En marge de la célébration, en différé, de la Journée mondiale de la population au Burkina Faso, le ministère de l’Economie, des Finances et du Développement à travers la direction générale de l’Economie et de la planification, a organisé, dans l’après-midi du jeudi 27 juillet 2017, un cross populaire pour la planification familiale. Le Top de départ du cross a été donné dans l’enceinte dudit ministère par l’épouse du Premier ministre, Anne THIEBA, en présence de l’épouse du président de l’Assemblée nationale, Chantal DIALLO, toutes deux marraines, et de la secrétaire d’Etat chargée de l’Aménagement du territoire, Pauline ZOURE.

                                        

Partis du ministère de l’Economie, des Finances et du Développement aux environs de 16 heures, les participants au cross populaire, composés du personnel dudit ministère, des ministères sectoriels et des jeunes ambassadeurs engagés pour la planification familiale ont rallié le rond-point des Nations unies d’où ils ont regagné leur point de départ , soit une distance de plus d’un kilomètre. Ce cross populaire organisé par le ministère de l’Economie, des Finances et du Développement s’inscrit dans le cadre de la célébration, en différé, de la Journée mondiale de la population. Il a enregistré la participation des marraines Anne THIEBA, épouse du Premier ministre, et Chantal DIALLO, épouse du président de l’Assemblée nationale, ainsi que la participation de la représentante résidente du Fonds des Nations unies pour la population (UNFPA) au Burkina Faso, Dr Edwige ADEKAMBI, et celle de la secrétaire d’Etat chargée de l’aménagement du territoire, Pauline ZOURE. De l’avis de la secrétaire d’Etat chargée de l’aménagement du territoire, ce cross se veut un signe pour l’engagement à la promotion de la planification familiale au Burkina Faso. A travers cet engagement, a-t-elle fait savoir, nous montrons également que nous sommes débout pour accompagner la mise en œuvre du Plan national du développement économique et social dont l’un des axes principaux est le développement du capital humain. Pour ce faire, Pauline ZOURE a remercié les participants pour leur forte mobilisation. Au nom du ministre en charge de l’Economie et des Finances, elle a traduit ses remerciements aux marraines, à la représentante de l’UNFPA ainsi qu’aux représentants des ministères sectoriels pour leur soutien dans le cadre de ses actions de développement et de promotion de la planification familiale. «C’est ensemble que nous allons pouvoir atteindre la vision qui a été annoncée par les parlementaires de la CEDEAO, qui est d’atteindre d’ici à 2020, la réduction du ratio de dépendance démographique», a dit Mme ZOURE. En outre, elle a invité les jeunes ambassadeurs pour la planification familiale à jouer le rôle de relais auprès des communautés,pour le changement.
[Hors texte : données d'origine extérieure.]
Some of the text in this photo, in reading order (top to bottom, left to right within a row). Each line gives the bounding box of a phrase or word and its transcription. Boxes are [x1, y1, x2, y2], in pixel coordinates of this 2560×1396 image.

L’appel à la responsabilité parentale

De l’avis de l’épouse du Premier ministre, Anne THIEBA, ce cross populaire est un moyen de communication pour dire à la population que la planification familiale est importante. Pour elle, la planification familiale n’est pas seulement un moyen de contrôler, c’est un outil de développement. «Si nous arrivons à maîtriser la croissance démographique, cela va aider à capturer les dividendes démographiques. Ce qui veut dire qu’il y aura moins de jeunes enfants dépendants», a soutenu Mme THIEBA.
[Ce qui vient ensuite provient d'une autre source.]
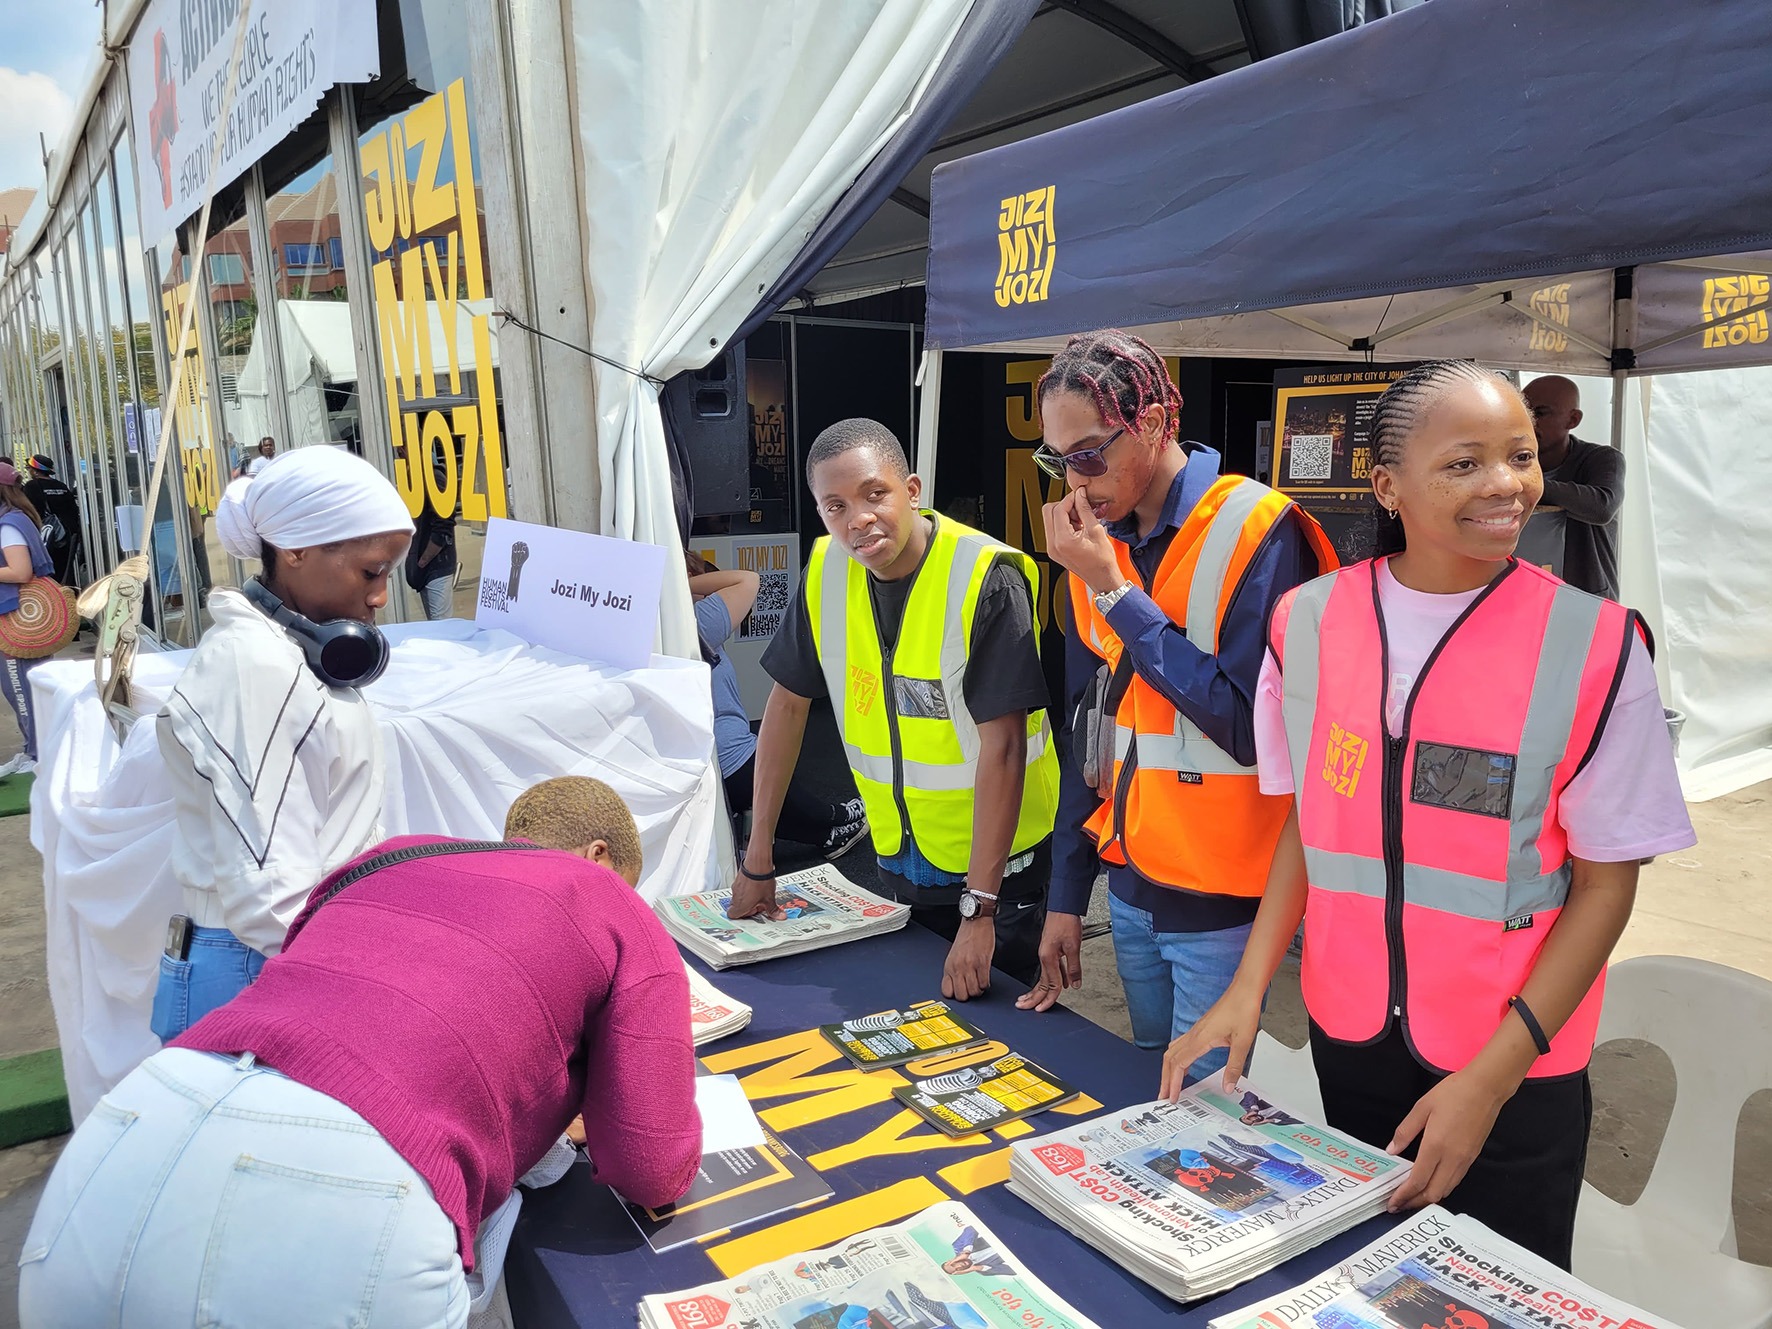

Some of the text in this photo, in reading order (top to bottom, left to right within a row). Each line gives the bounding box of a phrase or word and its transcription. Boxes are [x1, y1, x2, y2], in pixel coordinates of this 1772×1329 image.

Quant à l’épouse du président de l’Assemblée nationale, Chantal DIALLO, elle a indiqué que la planification familiale est un enjeu de développement qui concerne les générations futures. A cet effet, elle a invité la population burkinabè, notamment la frange jeune, à prendre conscience de ses enjeux. «Il ne s’agit pas de s’ingérer dans la vie des familles», a-t-elle expliqué.

Pour Dr Edwige ADEKAMBI, représentante résidente du Fonds des Nations unies pour la population (UNFPA) au Burkina Faso, le nombre d’enfants par femme est un droit individuel et c’est un choix individuel. Cependant, derrière ce droit et ce choix individuel, estime-t-elle, il y a la responsabilité parentale qui oblige la famille à s’occuper de l’enfant qui vient au monde. «En parlant de planification familiale, on n’impose pas un choix à la famille, mais on l’appelle à travailler de sorte qu’elle respecte cette responsabilité parentale de faire des enfants pour les aider à grandir, à être des citoyens capables de contribuer au développement du pays. Et non faire des enfants pour la rue», a précisé Dr ADEKAMBI.